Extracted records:

———

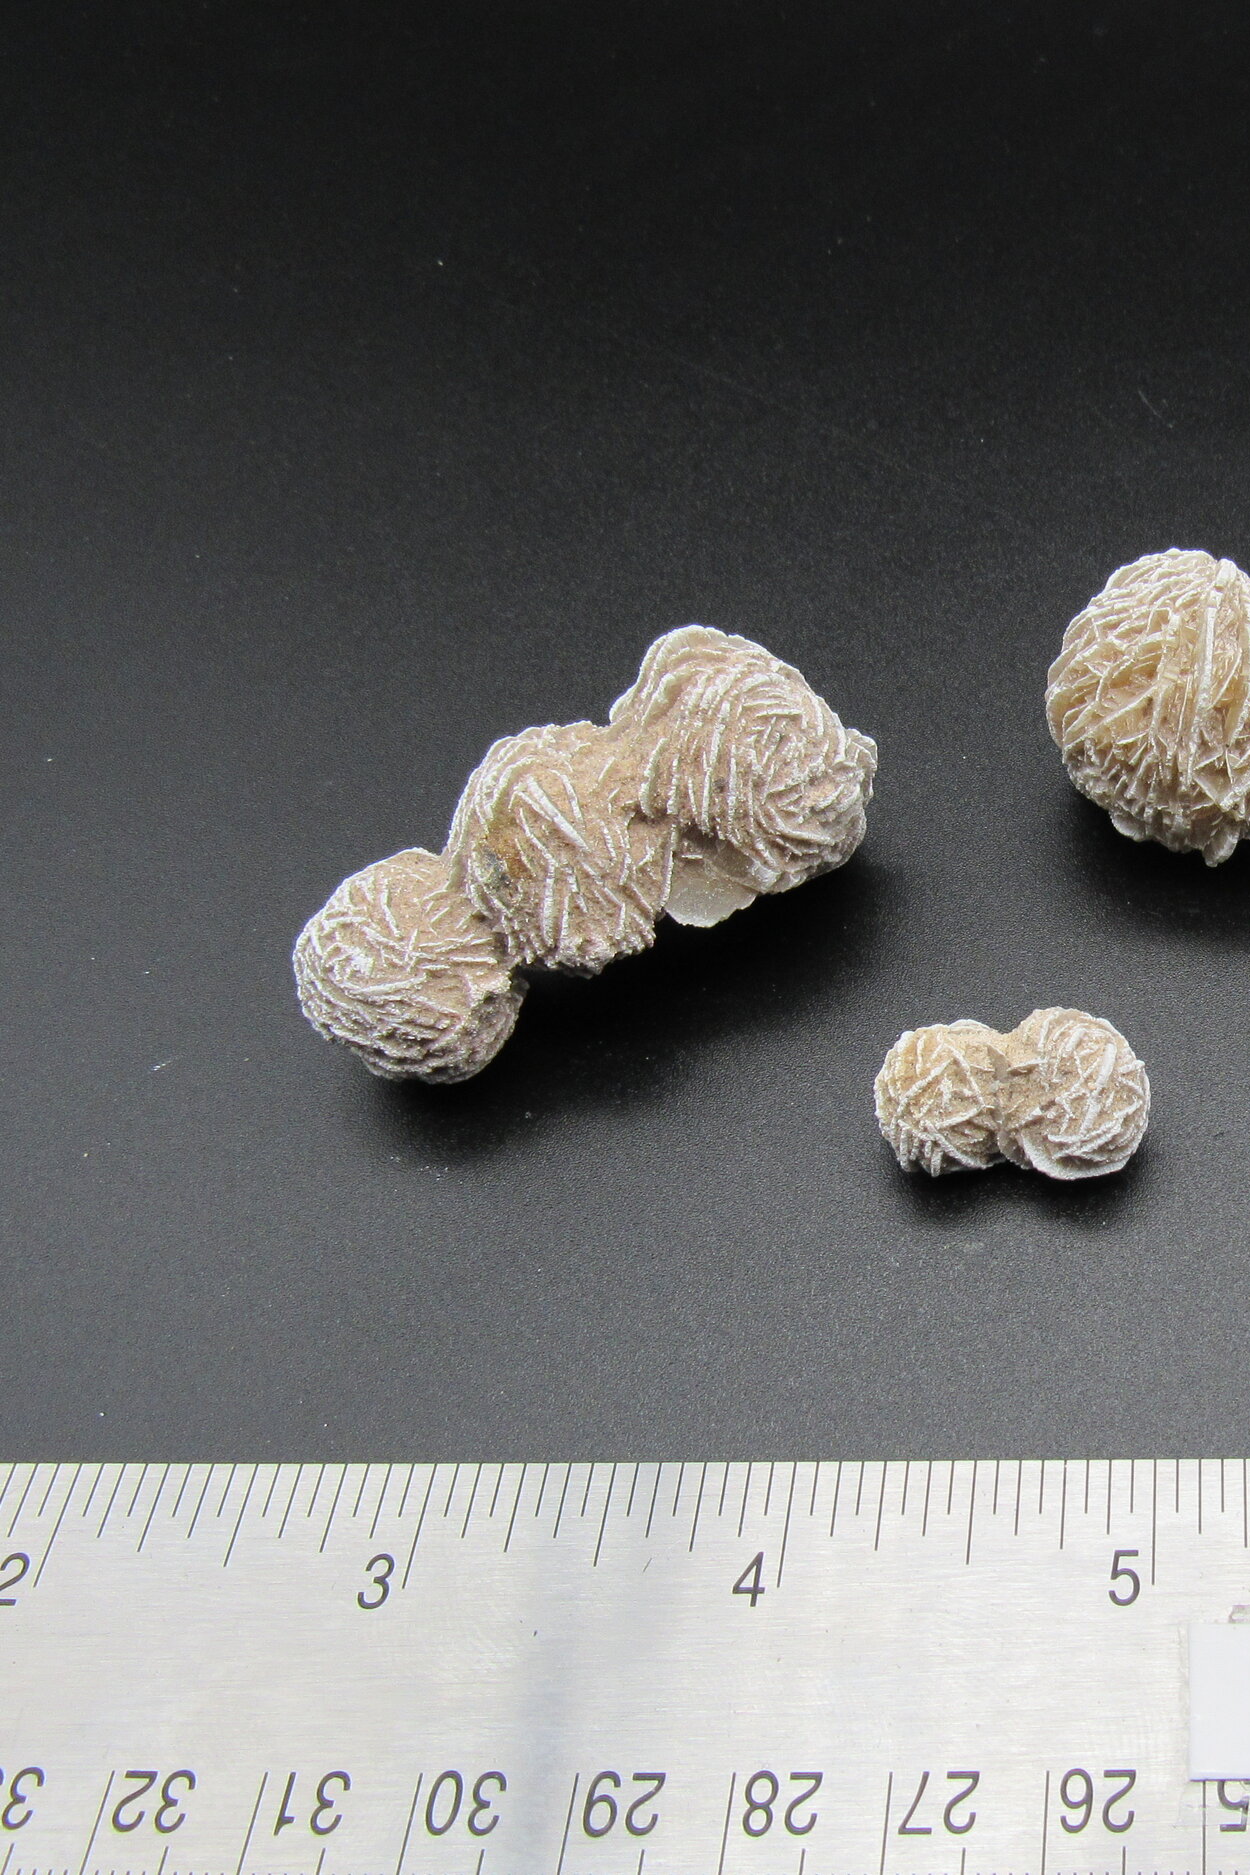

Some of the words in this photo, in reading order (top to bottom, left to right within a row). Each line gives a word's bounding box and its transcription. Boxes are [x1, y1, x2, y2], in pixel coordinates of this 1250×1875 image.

[357, 1553, 395, 1610] 3
[731, 1551, 766, 1608] 4
[1108, 1549, 1141, 1607] 5
[0, 1766, 45, 1830] 3
[112, 1769, 197, 1834] 32
[273, 1769, 352, 1837] 31
[425, 1769, 507, 1837] 30
[582, 1770, 667, 1839] 29
[742, 1769, 824, 1838] 28
[897, 1770, 981, 1836] 27
[1059, 1767, 1137, 1834] 26

———

▶ _EXERCISE PROMPT_
What you return must match the records letter for letter, except that the pictures stay out.

▶ _TASK ANSWER_
Some of the words in this photo, in reading order (top to bottom, left to right within a row). Each line gives a word's bounding box and its transcription. Boxes are [x1, y1, x2, y2], in pixel coordinates of this 1250×1875 image.

[357, 1553, 395, 1610] 3
[731, 1551, 766, 1608] 4
[1108, 1549, 1141, 1607] 5
[0, 1766, 45, 1830] 3
[112, 1769, 197, 1834] 32
[273, 1769, 352, 1837] 31
[425, 1769, 507, 1837] 30
[582, 1770, 667, 1839] 29
[742, 1769, 824, 1838] 28
[897, 1770, 981, 1836] 27
[1059, 1767, 1137, 1834] 26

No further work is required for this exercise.